I am so sorry you are going through this right now. I too have so many friends/relatives pregnant in the last few years and every time it is hard. I've had all those feelings of anger, frustration, guilt, & why me? You are right - it is so unfair. I don't know why any of us have to endure this.

My DH has withheld some pregnancy news from me too in the past until the last possible second in hopes we'd get a BFP before he had to tell me. Although I've told him he doesn't have to do that, I think it's very sweet they try to protect us. Your DH sounds great.

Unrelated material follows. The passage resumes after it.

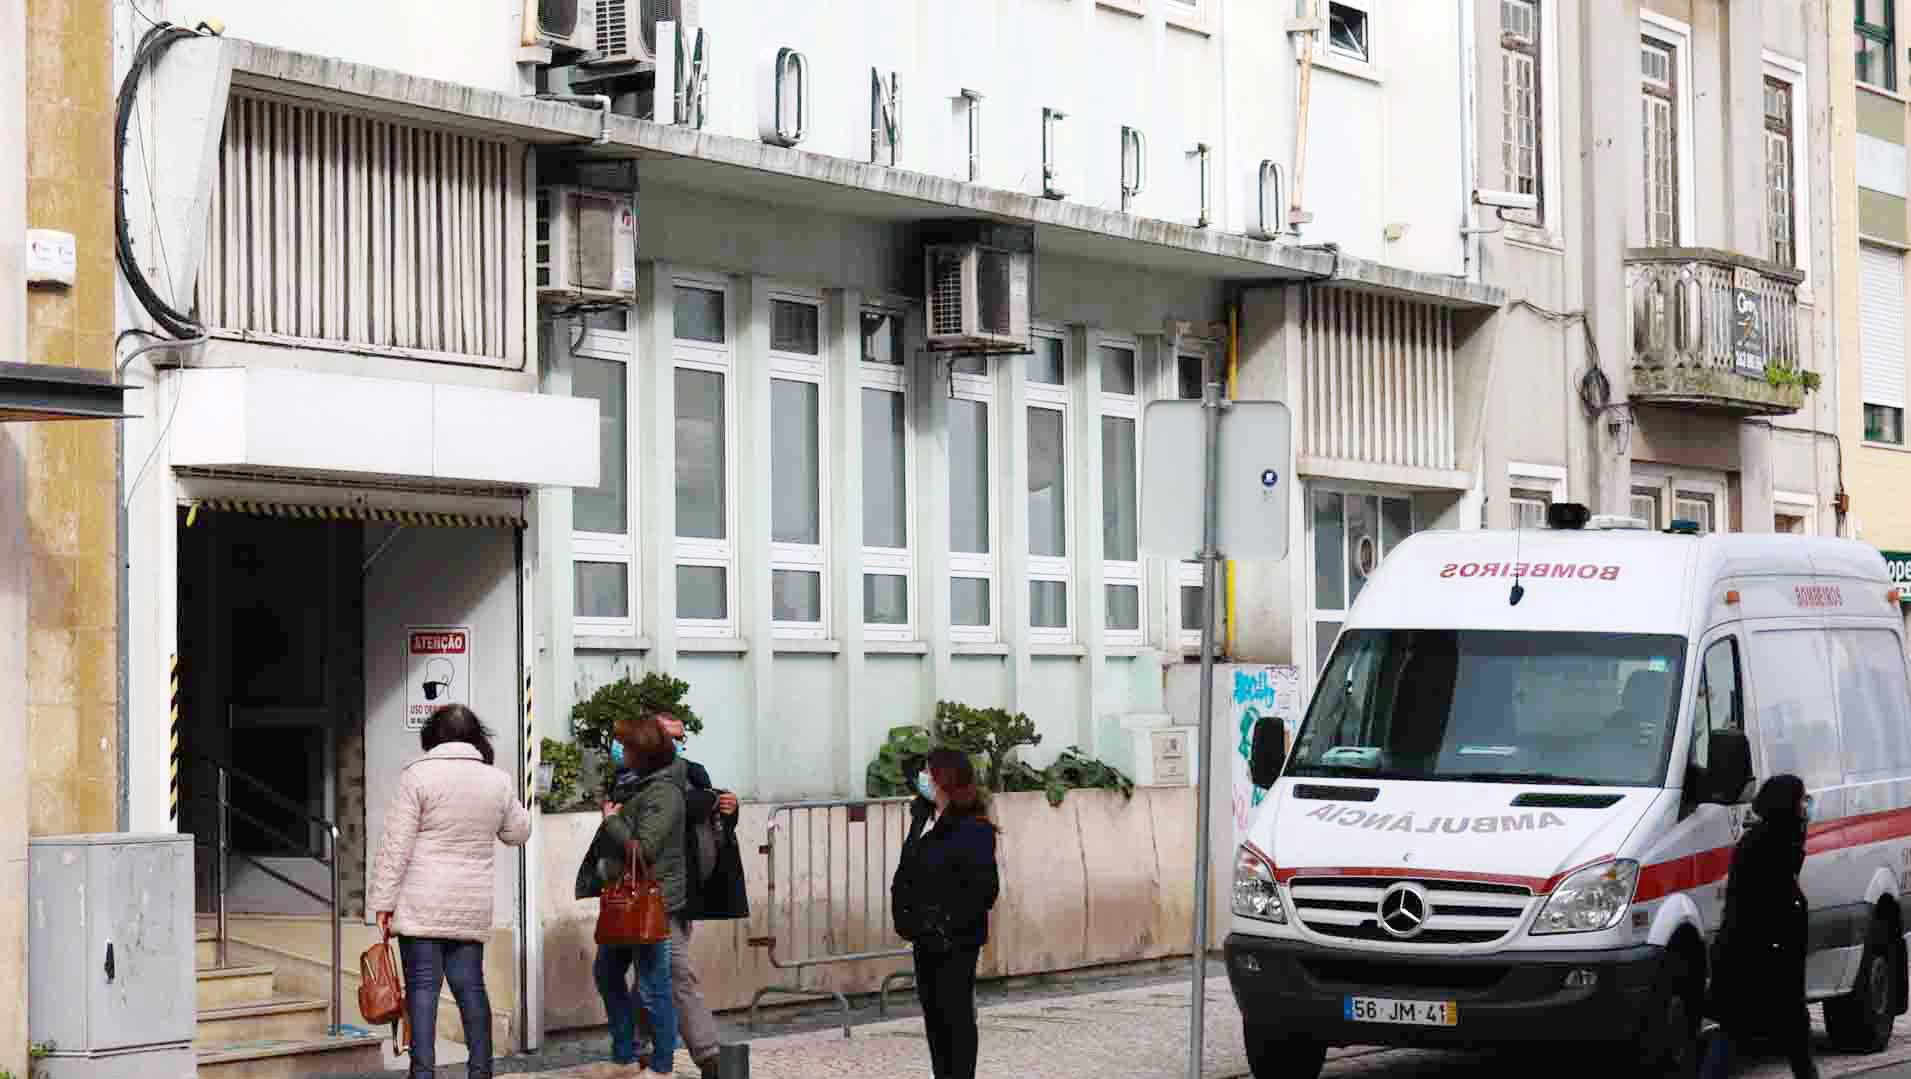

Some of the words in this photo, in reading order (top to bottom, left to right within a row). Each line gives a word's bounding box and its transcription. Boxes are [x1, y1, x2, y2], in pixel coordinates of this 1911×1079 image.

I hope you have a nice peaceful baby dreaming sleep tonight and wake up feeling a bit better. Know that everyone on this board understands what you are going through.

Lori

carisa
01-04-2007, 11:09 PM
Hi Kathy,


:eek: I'm sorry about how you've been feeling. I totally understand what you are going through. My SIL has five kids now and she gets pregnant so easily. It makes me sick to think about. My sister just had her first and it took me about a year to get over the fact that she was pregnant, now I can actually say that I am truly happy for her. I was truly broken up inside about it too. I cried for months, it was pretty awful. Oh, and a good friend of mine just found out she is pregnant with her second. It feels like people around me are constantly getting pregnant. I have had a change of attitude lately and now I feel like my turn has to be coming! I sure hope so, and I hope your turn is coming too shortly. I know how painful it is. Nobody really can understand unless they are going through it themselves. It is one of the hardest things I have had to deal with in life. I hope things get better. Keep us posted!!:angel:

Carisa

tini
01-05-2007, 02:19 AM
Hi Kathy,
It's 2am here in Pittsburgh and I still can't sleep and here I am reading your thread and feeling so bad not just for you but for all of us who's experiencing the same situation. I wish sometimes our friends or family whose pregnant could just zip their lips about their news especially if they know about our dilemmas. I'm just curious but do you and DH ever thought about adopting just in case if IVF doesn't work again?(praying that it will of course!)
DH and I will be attending a seminar with an adoption agency this weekend and I am so excited about it. I still have 3 frozen embies left but figure we could start the adoption process and still do the frozen transfer in a few months.
Well, I hope you and DH feel better and I'm praying that soon you will be the one with the good news for your SIL.:angel: :angel: :angel:
Tini

TryN2BMommy
01-05-2007, 08:21 AM
BIG HUGS coming to you Kathy. I totally feel your pain hon. I will never forget when my best friend told me she was pg with her 2nd and she wasn't keeping the baby (at that point, she had no idea we were TTC). My BF and I cried for hours that night. It was horrible. Life truly is not fair. I know one day it will be our turn Kathy. I don't know how it's going to happen, but it will. I hope you have a better day today. More HUGS coming your way.

Holly

deluka96
01-05-2007, 09:26 AM
Hi Guys,

Thanks for all the kind words of support :) I feel like I was doing so good and then this happens. I can't honestly say that I am that much better today. It just brings back all the pain and memories as this time last year I was so happy because I had just found out I finally was pregnant just to have it taken from me. I don't want anyone on the board who has had a BFP to think I mean any of this towards them. I know the battle they had to fight to get BFP and it's different when it happens to one of us on the board. SIL is only like 4 weeks along I really do wish they would have waited a little longer to tell us but I know that is selfish of me. I was put on the pill so it's even worse b/c I am not even going to be tryng, at the earliest Feb. I know that these feelings will subside but it won't be today :(

Tini, thanks we are defintely going to look into adoption. If all else fails by March I will start IVF, if that does not work we will start looking into adoption. If god does blesses us with a child we feel it would only be right to adopt one as well so either way we plan to adopt even if we have biological children of our own. Please let me know how the seminar goes and all you learned!! That is so great you and DH are going :)

Anyway thanks to everyone without you guys I think I would be going insane!!!